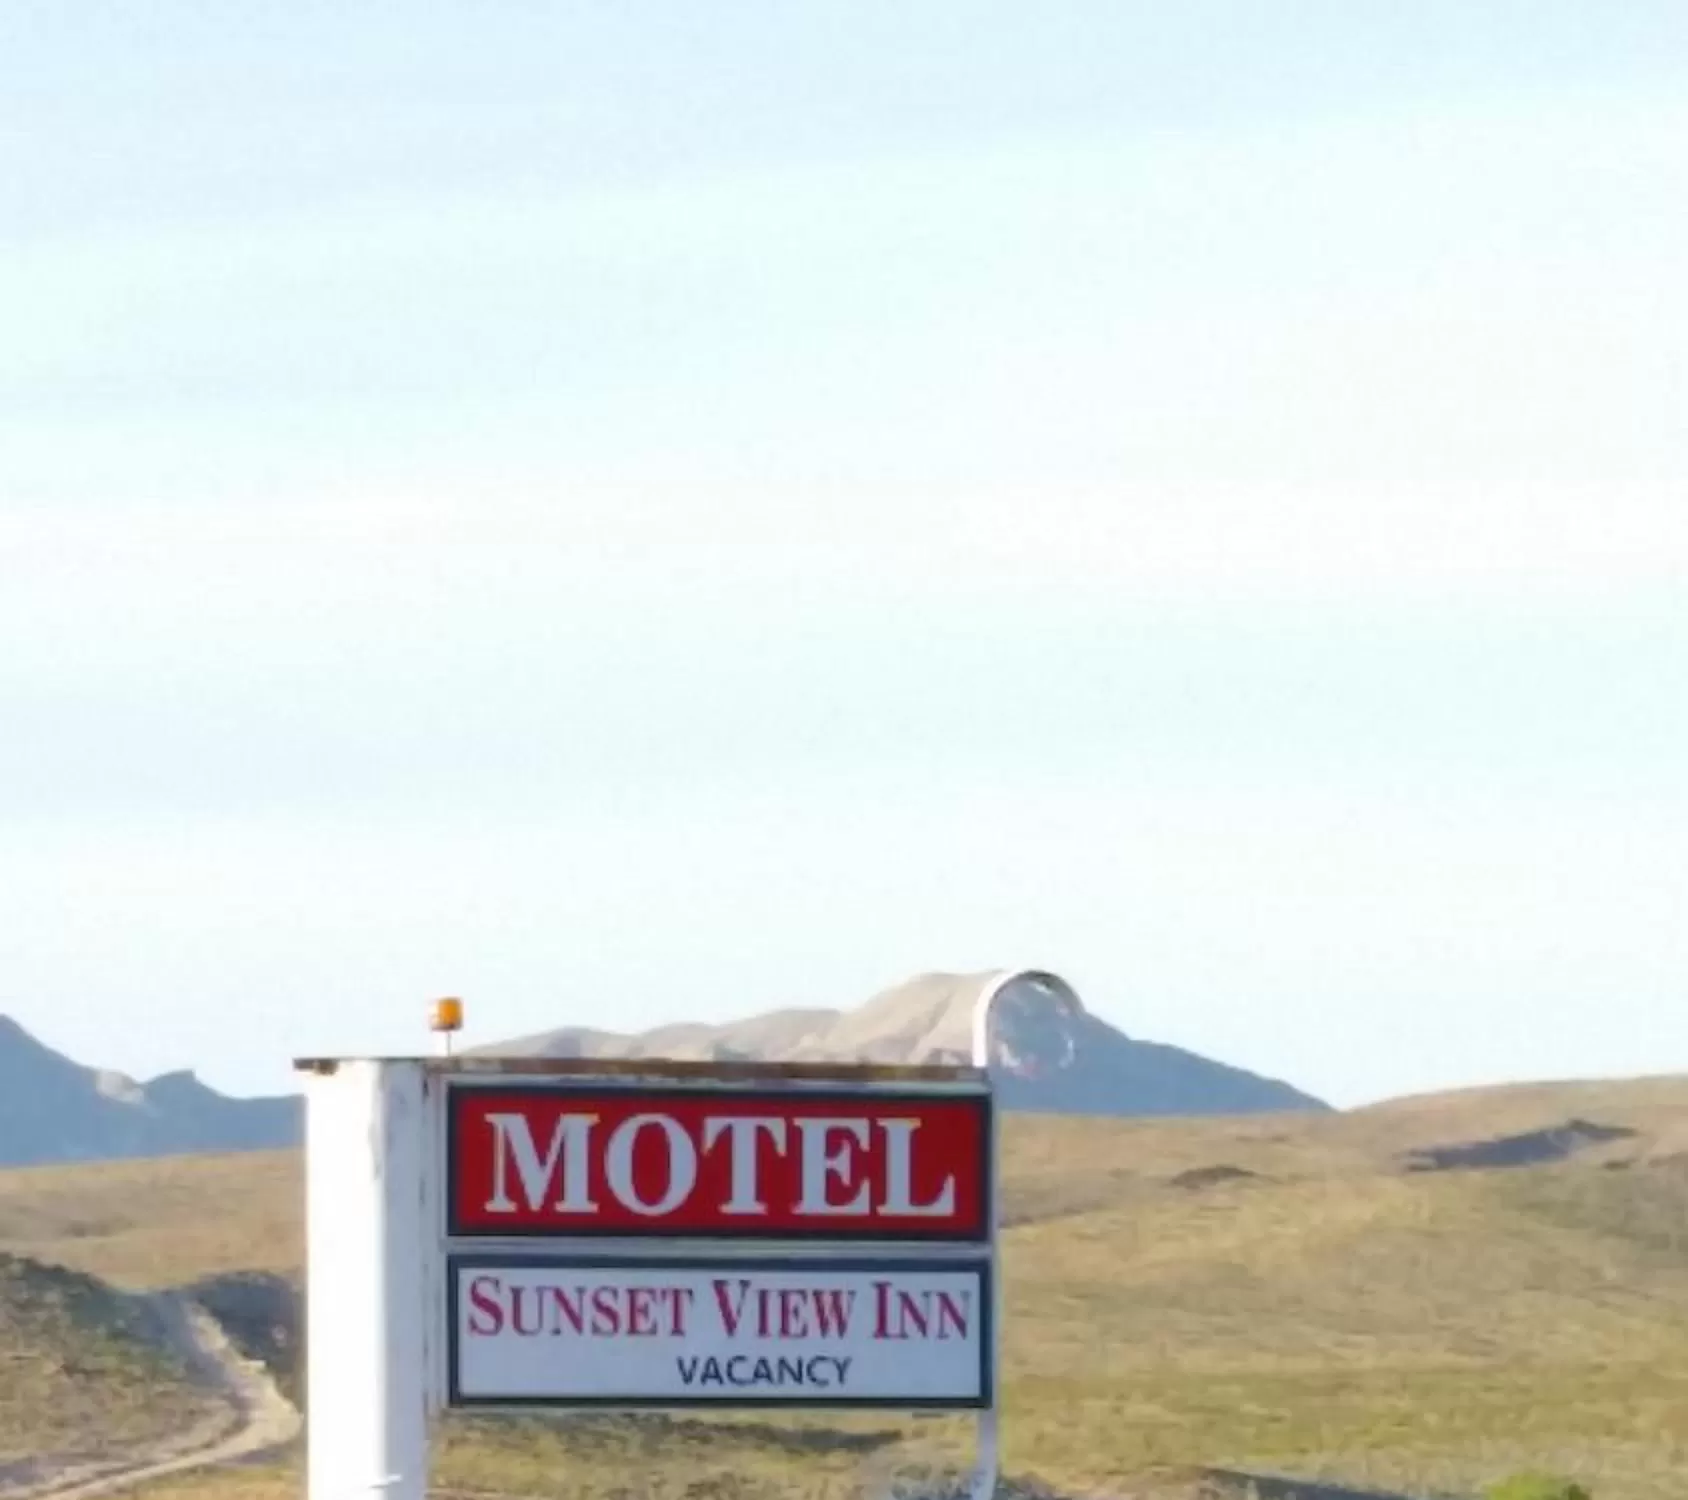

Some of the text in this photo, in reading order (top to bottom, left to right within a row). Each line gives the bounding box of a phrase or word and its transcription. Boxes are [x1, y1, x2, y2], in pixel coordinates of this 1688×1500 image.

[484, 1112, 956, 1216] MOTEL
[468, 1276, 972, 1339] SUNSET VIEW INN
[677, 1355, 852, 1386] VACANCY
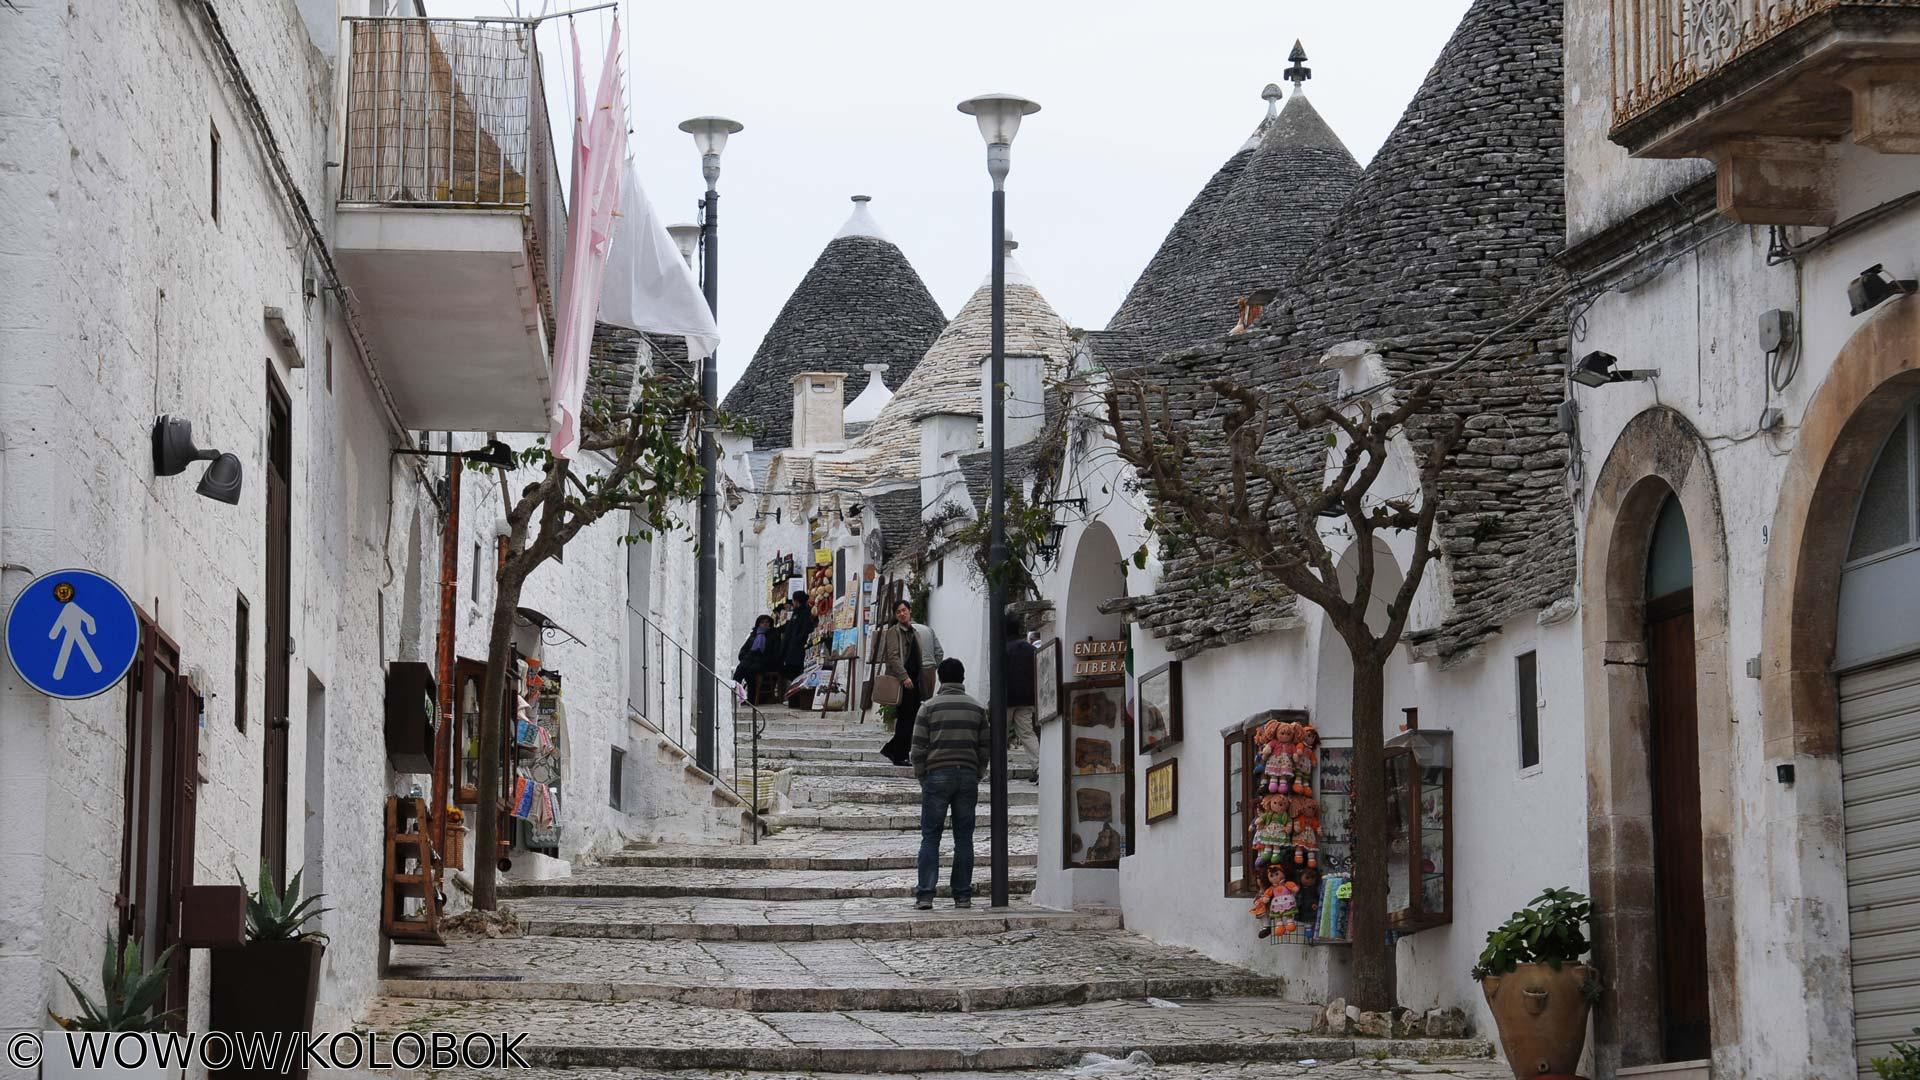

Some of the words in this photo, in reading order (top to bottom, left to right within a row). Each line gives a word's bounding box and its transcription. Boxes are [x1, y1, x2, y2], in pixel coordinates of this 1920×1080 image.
━━━━━━━━━━━━━━━━━━━━
Exercise description:
Reproduce the material word for word. Any pictures should be left out of the copy.

Solution to this problem:
Some of the text in this photo, in reading order (top to bottom, left to right within a row). Each line gives the bounding box of a phrase or word and its transcription. Boxes are [x1, y1, x2, y2], in pixel coordinates of this 1688×1500 image.

[484, 1112, 956, 1216] MOTEL
[468, 1276, 972, 1339] SUNSET VIEW INN
[677, 1355, 852, 1386] VACANCY

Some of the words in this photo, in reading order (top to bottom, left to right within a row). Each line gives a word's bounding box and its transcription. Boxes are [x1, y1, x2, y2], in pixel coordinates of this 1920×1080 image.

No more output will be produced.